The angle between the direction of the ray of light, before it hits the mirrors (angle of incidence) and the direction of the ray of light after it has reflected off of both mirrors (angle of reflection), is twice the angle between the two mirrors.

For example, if the two mirrors have an angle of 20 degrees to each other, then the angle between the first and final directions of the ray of light is 40 degrees.

As we mentioned above, this is why the sextant has calibrations of up to 125 degrees even though its arc is only up to 60 degrees.

How to use a marine sextant for taking sights

Using a sextant can be intimidating at first especially if everything you studied in school is all about its theory. Understandable since on land, many deck cadets can’t get a view of a nice straight horizon.

But at sea, we have everything we need for taking a sight. What’s more, all types of merchant ships have this tool, so you can practice them anytime.

Here are simple steps in using a marine sextant to obtain the altitude of a celestial body.

1. Prepare the sextant. Make sure that the sextant is clean, has no damage, and is free of dust, especially the mirrors.

2. Check the horizon. Observe the sky if the sun is not behind the clouds and if the horizon is clear.

3. Hold the sextant correctly. Hold the sextant vertically and look through the eyepiece. Adjust your grip if necessary so you can move the limb later without having difficulty.

4. Find the celestial body. Assuming it’s daytime, the best object for taking sight is the sun. At nighttime, identify the celestial body that you want to measure the altitude of. 

5. Point the sextant at the celestial body. You may have to use the shades to protect your eyes from excessive sunlight.

6. Bring the celestial body into the horizon. Adjust the index mirror until the image of the celestial body aligns with the image of the horizon.

7. Swing the marine sextant left and right. This is to verify that the object is at the horizon. While swinging, the sun’s lower limb should slide tangent to the horizon.

8. Read the angle. The angle between the two images- the horizon and the celestial object, is the altitude of the celestial body. Read the angle from the scale on the sextant.

How to read the sextant

Reading the sextant is very simple. Once you have the observation of the celestial body, here’s how to take the reading of it for your position-fixing calculations.

1. Degrees – Read it directly from the arc of the sextant. Check the marker and note which number it falls into. This one is the easiest to read.

2. Minutes – Read it directly from the Micrometer drum.

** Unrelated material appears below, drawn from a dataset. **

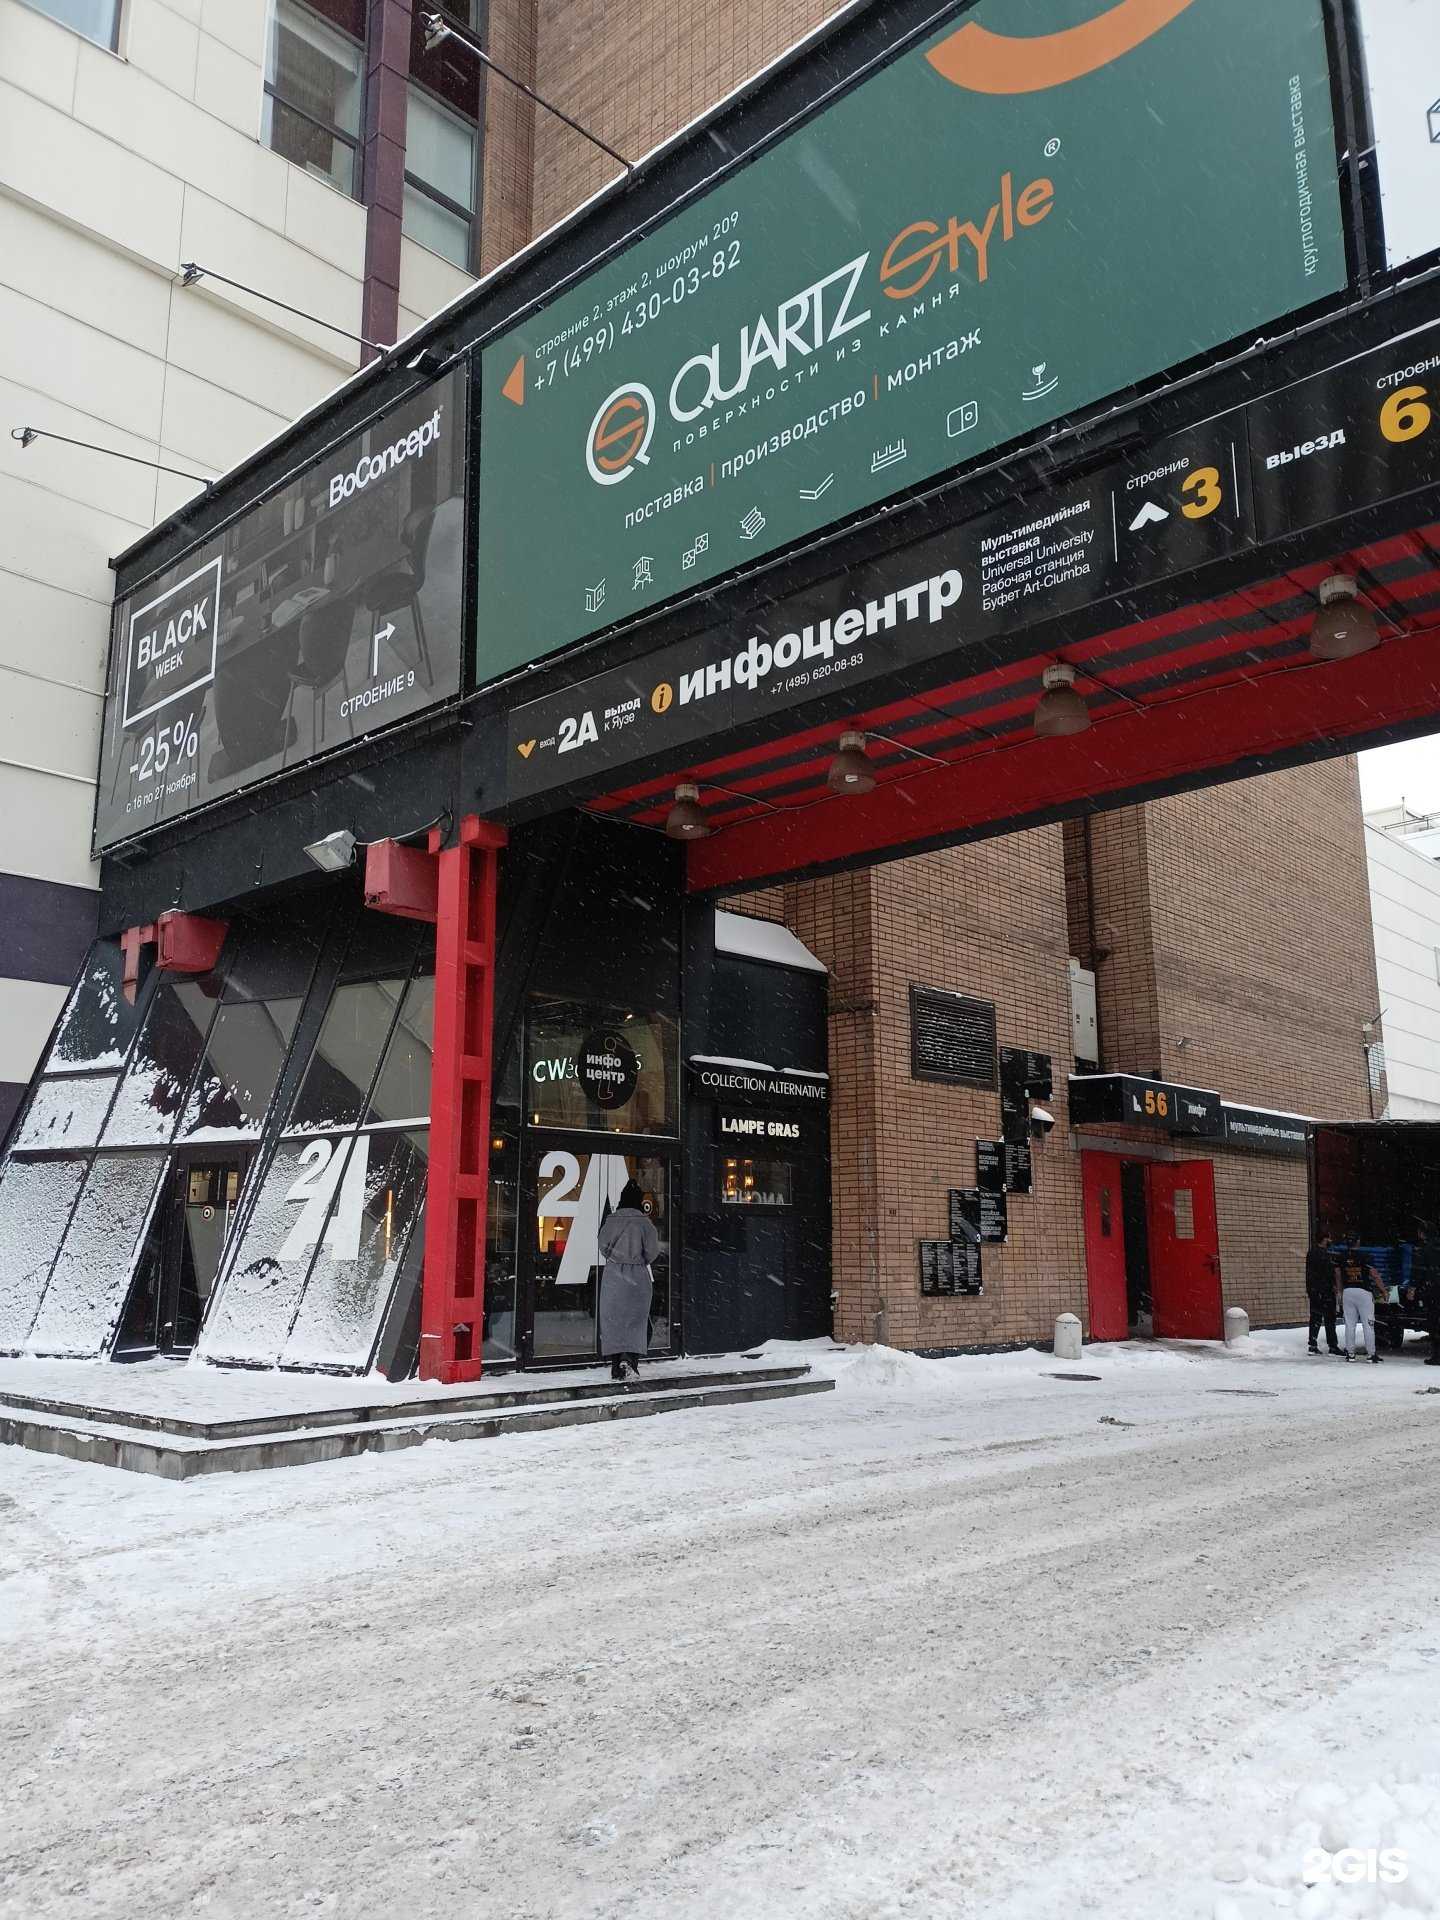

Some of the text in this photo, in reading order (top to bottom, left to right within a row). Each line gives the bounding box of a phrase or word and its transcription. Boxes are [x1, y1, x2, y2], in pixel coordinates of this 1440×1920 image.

Check the zero scale (one with a big white dot) in the Vernier reading and note where it falls to. 

In the example below, it falls between 25 and 26. This means it’s still in the 25th minute.

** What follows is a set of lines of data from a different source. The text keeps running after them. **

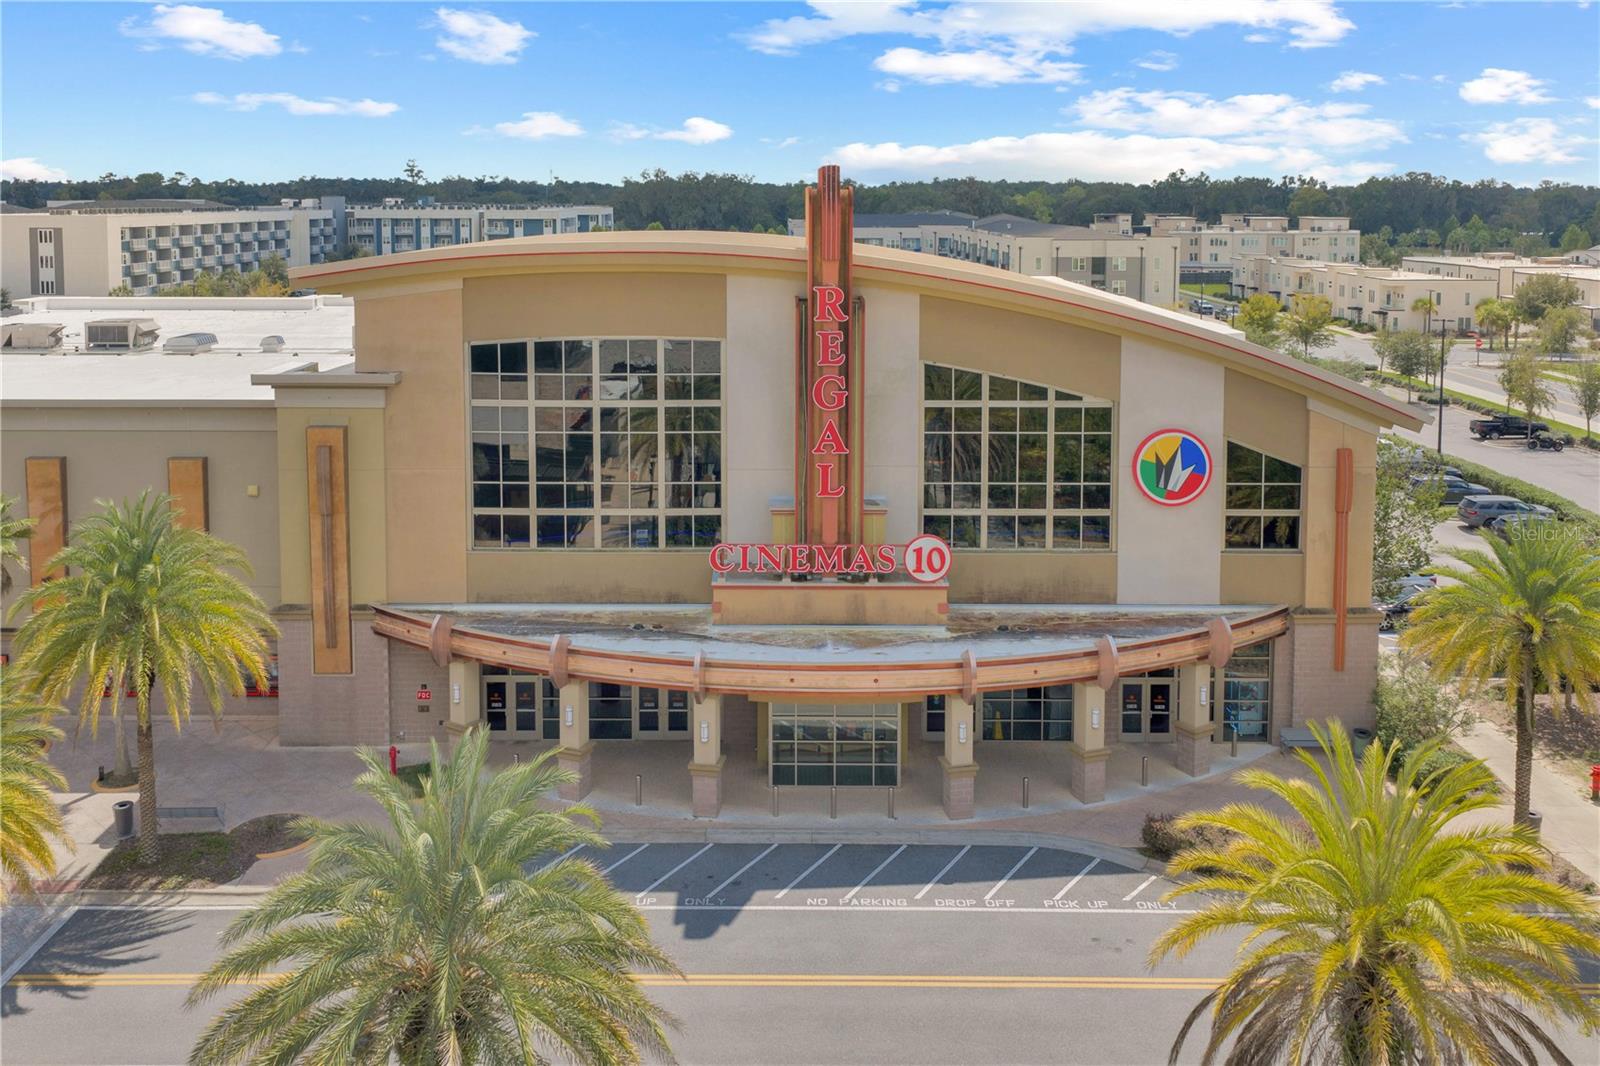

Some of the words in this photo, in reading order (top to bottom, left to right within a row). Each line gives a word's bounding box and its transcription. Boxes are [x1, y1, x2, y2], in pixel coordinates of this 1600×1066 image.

[812, 286, 849, 497] REGAL
[708, 543, 897, 574] CINEMAS
[911, 546, 946, 574] 10
[635, 897, 657, 907] UP
[683, 897, 728, 907] ONLY
[806, 897, 828, 907] NO
[838, 898, 908, 908] PARKING
[934, 898, 977, 908] DROP
[984, 898, 1015, 908] OFF
[1043, 899, 1080, 909] PICK
[1087, 900, 1108, 910] UP
[1135, 900, 1177, 910] ONLY

3. Seconds – This can be a bit tricky. Read the seconds directly from the Vernier. Every line here is equivalent to 0.2 seconds.

Check the scale in the Vernier and observe which of the lines coincide 👉👈 with the graduated scale on the micrometer drum.

In the example below, the 0.2 scale is in line with one of the scales in the drum. Now, we have a reading of 0.2”.

Now we have a sextant reading of 69°25.2’ or 69°25’12”.

Today, fixing your position is very easy with the help of electronic equipment. You can even track a ship over the internet and get a quick overview of where they currently are. However, I still believe that using the old techniques still has a place in the maritime world. 

Have you tried using a marine sextant? How did it go? More importantly, did you plot the ship’s position after taking a sight?

May the winds be in your favor.